From the first entry to the last, copy everything exactly except the pictures.

[Data supplied]

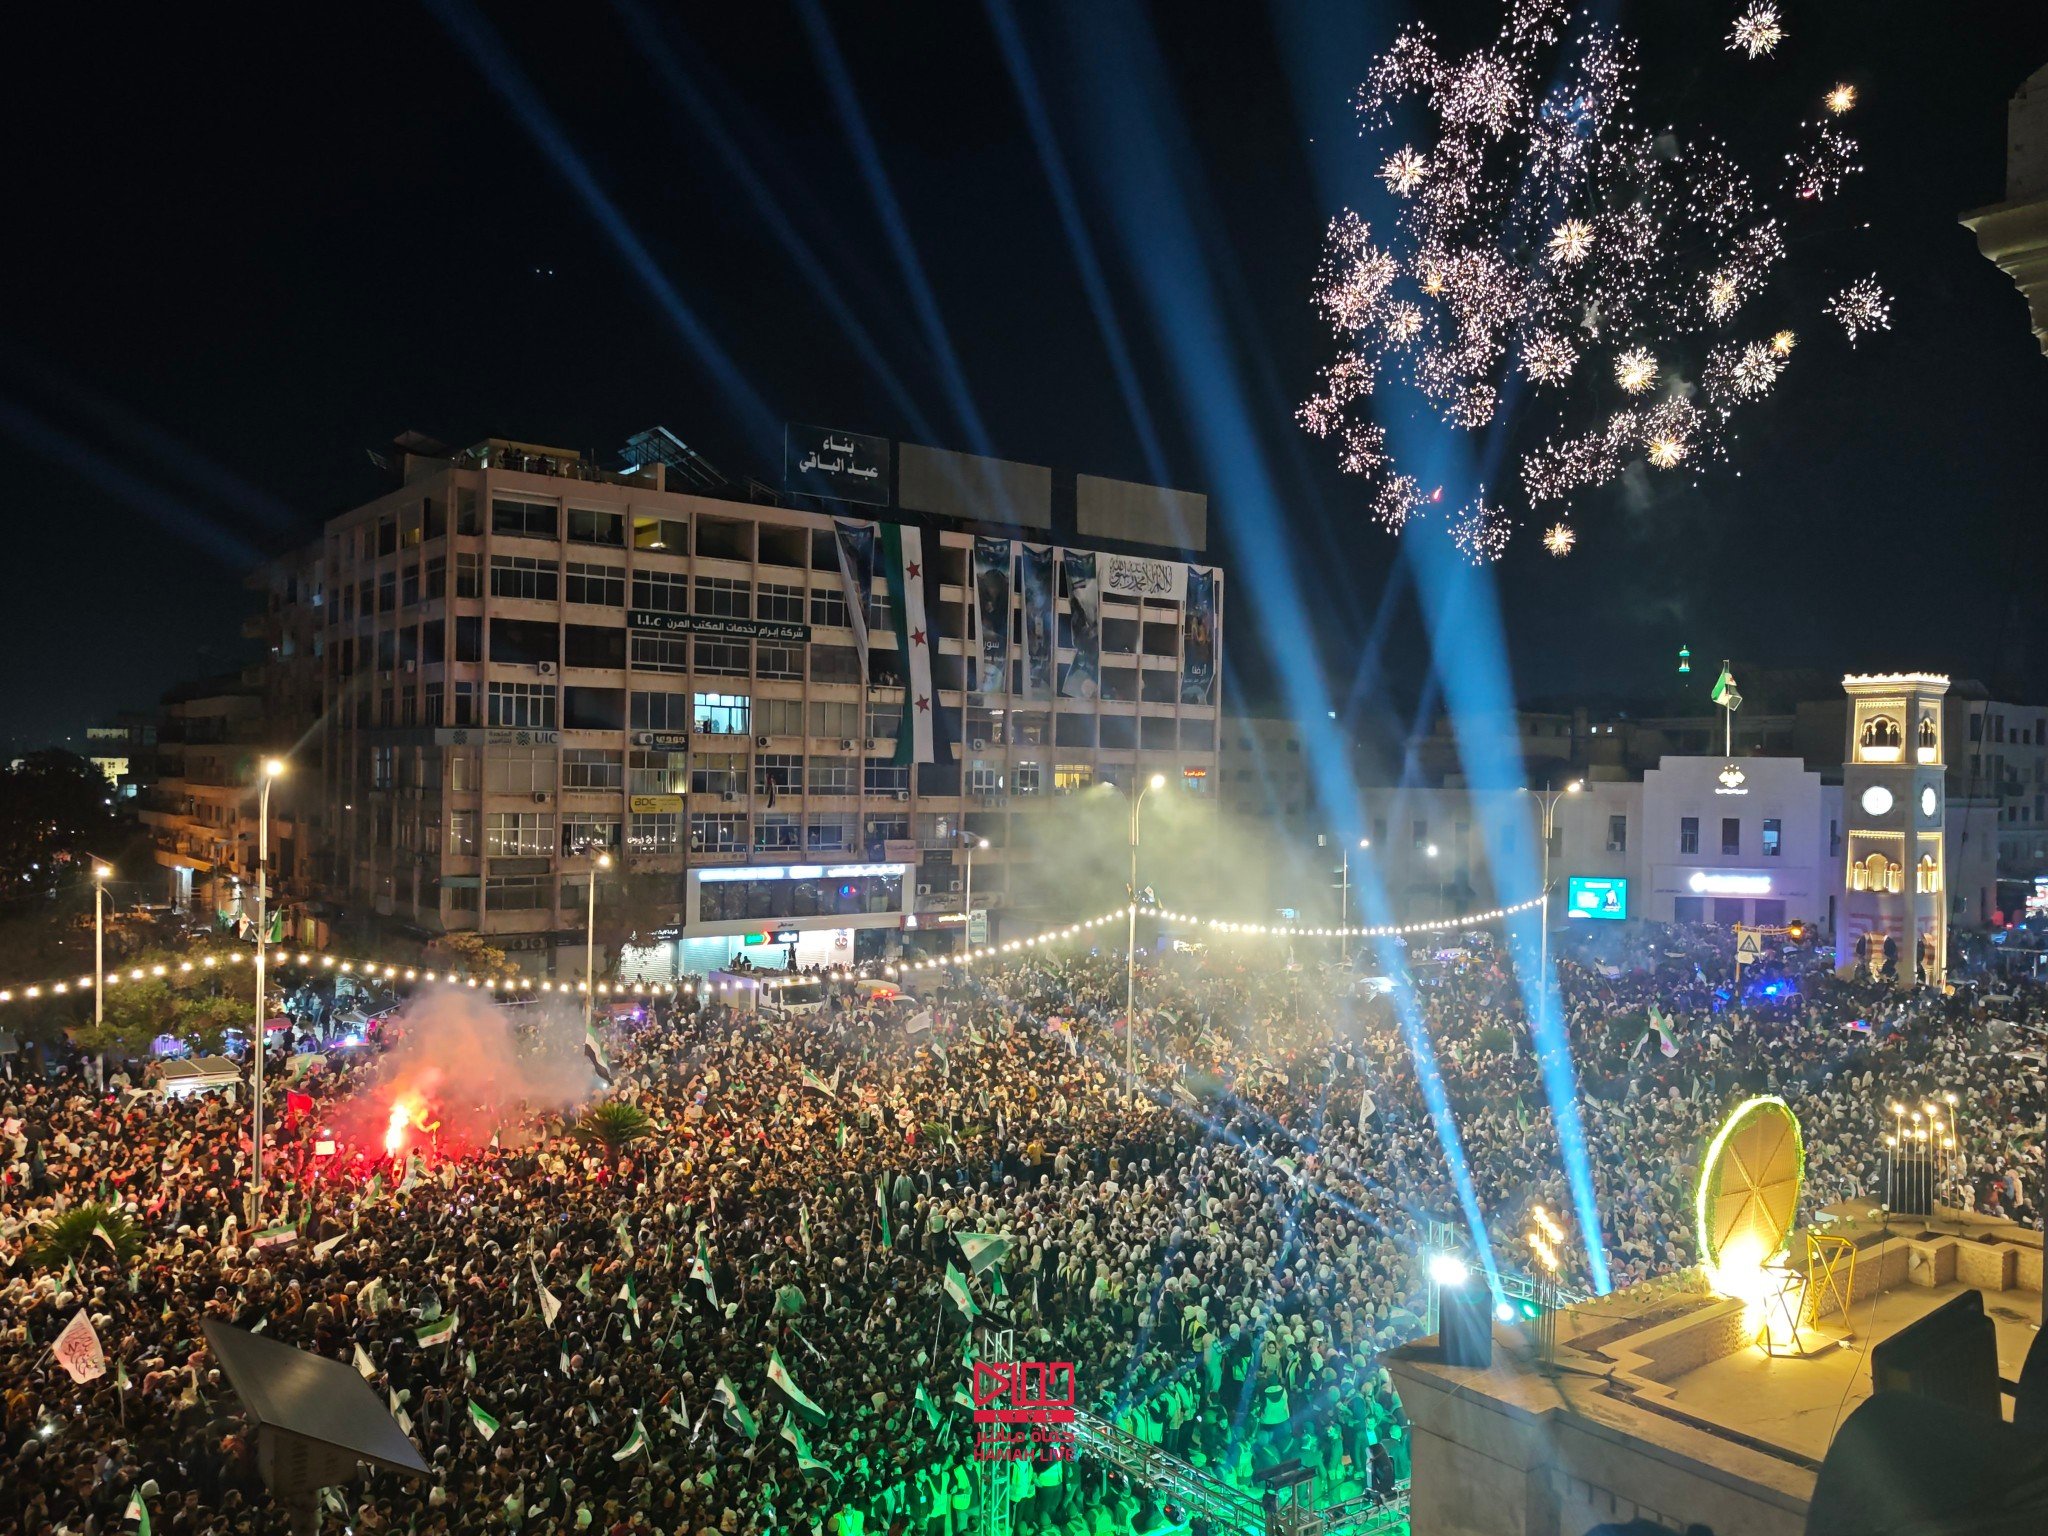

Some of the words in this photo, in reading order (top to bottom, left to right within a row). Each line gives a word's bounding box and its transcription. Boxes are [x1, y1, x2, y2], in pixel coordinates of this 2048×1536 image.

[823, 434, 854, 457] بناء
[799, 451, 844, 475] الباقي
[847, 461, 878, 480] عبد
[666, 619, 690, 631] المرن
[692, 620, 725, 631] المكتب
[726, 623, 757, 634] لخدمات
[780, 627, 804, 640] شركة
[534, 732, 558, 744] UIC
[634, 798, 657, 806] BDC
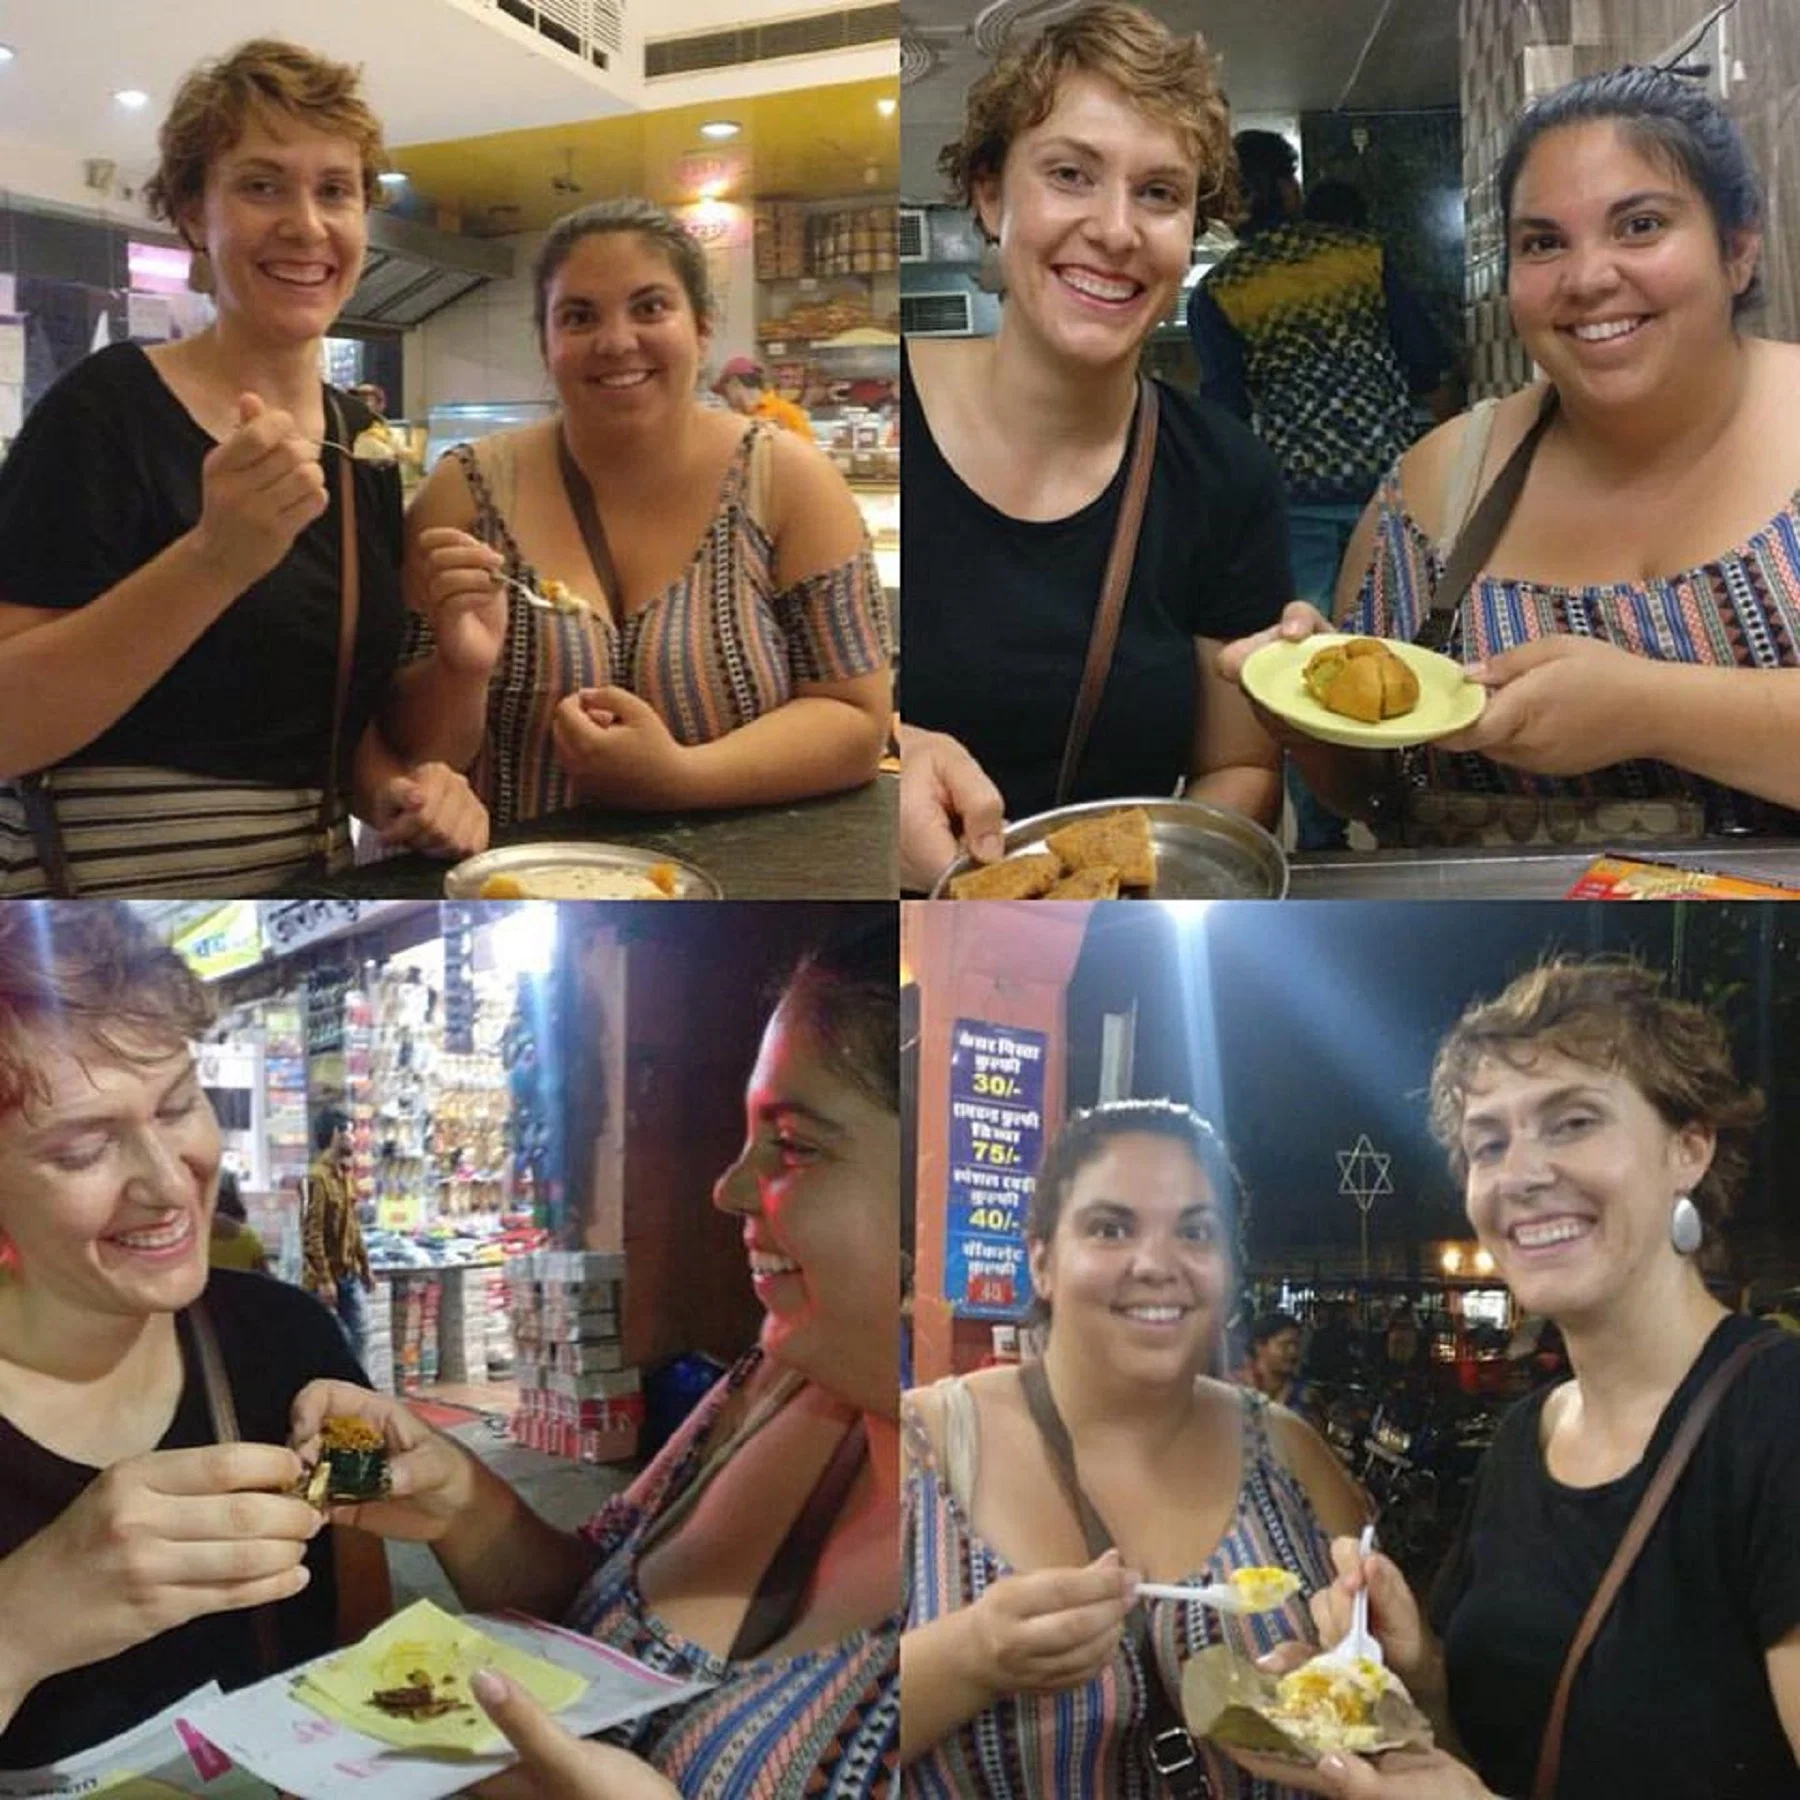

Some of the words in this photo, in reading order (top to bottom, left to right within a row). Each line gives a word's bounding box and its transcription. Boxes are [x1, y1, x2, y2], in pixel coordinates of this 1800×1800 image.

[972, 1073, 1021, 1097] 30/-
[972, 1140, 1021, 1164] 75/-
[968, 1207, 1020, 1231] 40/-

[/Data supplied]

#### Answer section
Some of the words in this photo, in reading order (top to bottom, left to right within a row). Each line gives a word's bounding box and its transcription. Boxes are [x1, y1, x2, y2], in pixel coordinates of this 2048×1536 image.

[823, 434, 854, 457] بناء
[799, 451, 844, 475] الباقي
[847, 461, 878, 480] عبد
[666, 619, 690, 631] المرن
[692, 620, 725, 631] المكتب
[726, 623, 757, 634] لخدمات
[780, 627, 804, 640] شركة
[534, 732, 558, 744] UIC
[634, 798, 657, 806] BDC

Some of the words in this photo, in reading order (top to bottom, left to right within a row). Each line gives a word's bounding box and its transcription. Boxes are [x1, y1, x2, y2], in pixel coordinates of this 1800×1800 image.

[972, 1073, 1021, 1097] 30/-
[972, 1140, 1021, 1164] 75/-
[968, 1207, 1020, 1231] 40/-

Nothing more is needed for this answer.